9. Prioritize Individual One-on-Ones
Gallup reports that employees who feel their opinions count at work are more engaged. Leaders should initiate one-on-one check-in meetings to demonstrate genuine concern. Being fully present in these interactions allows leaders to discern nuances like body language and tone, establishing a regular cadence of individual meetings to connect with the team.
10. Adopt a Holistic Approach
Holistic well-being contributes to overall employee satisfaction and engagement. The Harvard Business Review found that 89% of organizations see improved retention due to well-being programs. Leaders should encourage having fun together, organize enjoyable bonding activities, and create an environment that supports employees personally and professionally.
11. Encourage Communication and Recognition
Communication is vital in reducing feelings of isolation. Gallup reports that 51% of employees are not engaged at work due to insufficient communication from leadership. Leaders should promote diverse communication channels to facilitate easy connection and collaboration. Regular recognition of employee contributions and positive feedback nurtures a sense of value and connection within the team.

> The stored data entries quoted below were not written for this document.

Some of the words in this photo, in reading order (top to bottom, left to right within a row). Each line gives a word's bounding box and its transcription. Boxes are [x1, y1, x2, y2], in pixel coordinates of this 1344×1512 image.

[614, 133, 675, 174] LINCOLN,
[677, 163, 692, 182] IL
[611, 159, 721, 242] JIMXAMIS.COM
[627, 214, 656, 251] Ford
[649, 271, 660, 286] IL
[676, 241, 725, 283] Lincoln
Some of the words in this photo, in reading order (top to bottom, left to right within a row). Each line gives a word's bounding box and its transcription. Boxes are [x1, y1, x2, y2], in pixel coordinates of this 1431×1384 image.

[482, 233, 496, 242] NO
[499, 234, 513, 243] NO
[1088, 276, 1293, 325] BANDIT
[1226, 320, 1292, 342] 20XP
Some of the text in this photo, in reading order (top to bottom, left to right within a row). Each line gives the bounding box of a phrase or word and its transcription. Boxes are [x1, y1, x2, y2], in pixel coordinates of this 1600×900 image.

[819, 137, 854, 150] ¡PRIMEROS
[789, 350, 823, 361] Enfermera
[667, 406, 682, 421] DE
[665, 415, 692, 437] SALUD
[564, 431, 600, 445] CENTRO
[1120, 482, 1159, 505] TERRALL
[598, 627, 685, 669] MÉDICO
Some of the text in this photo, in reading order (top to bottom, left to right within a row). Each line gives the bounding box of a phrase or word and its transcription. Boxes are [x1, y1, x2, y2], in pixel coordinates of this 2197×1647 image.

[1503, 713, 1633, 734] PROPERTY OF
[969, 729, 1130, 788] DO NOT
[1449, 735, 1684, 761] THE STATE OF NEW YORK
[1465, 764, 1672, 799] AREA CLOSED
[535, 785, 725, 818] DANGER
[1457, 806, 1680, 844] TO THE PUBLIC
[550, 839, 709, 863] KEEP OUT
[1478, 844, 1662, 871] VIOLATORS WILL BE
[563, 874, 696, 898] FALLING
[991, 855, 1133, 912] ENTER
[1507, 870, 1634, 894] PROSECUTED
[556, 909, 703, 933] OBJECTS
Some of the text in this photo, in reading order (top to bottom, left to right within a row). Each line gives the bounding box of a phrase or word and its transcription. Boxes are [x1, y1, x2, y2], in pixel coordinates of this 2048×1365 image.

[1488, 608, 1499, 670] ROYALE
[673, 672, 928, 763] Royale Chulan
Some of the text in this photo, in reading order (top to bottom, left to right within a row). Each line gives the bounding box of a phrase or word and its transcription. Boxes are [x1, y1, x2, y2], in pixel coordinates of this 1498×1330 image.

12. Facilitate Non-Work-Related Conversations
Personal connections at work significantly impact job satisfaction. Recent research found that 57% of employees who have friends at work say they love their job. Leaders should engage in intentional, non-work-related conversations regularly, fostering a supportive environment where employees feel they belong and are well-supported.
Steople’s recent holiday celebration served as a powerful catalyst for recognizing the crucial role of human connections in the workplace. As leaders, this is a great reminder to combat workplace loneliness, emphasizing vulnerability, team-building initiatives, social gatherings, and various strategies to foster a people-centric culture. Amidst the holiday rush, these insights offer a concise roadmap for businesses to prioritize meaningful interactions, contributing to both personal and professional fulfillment.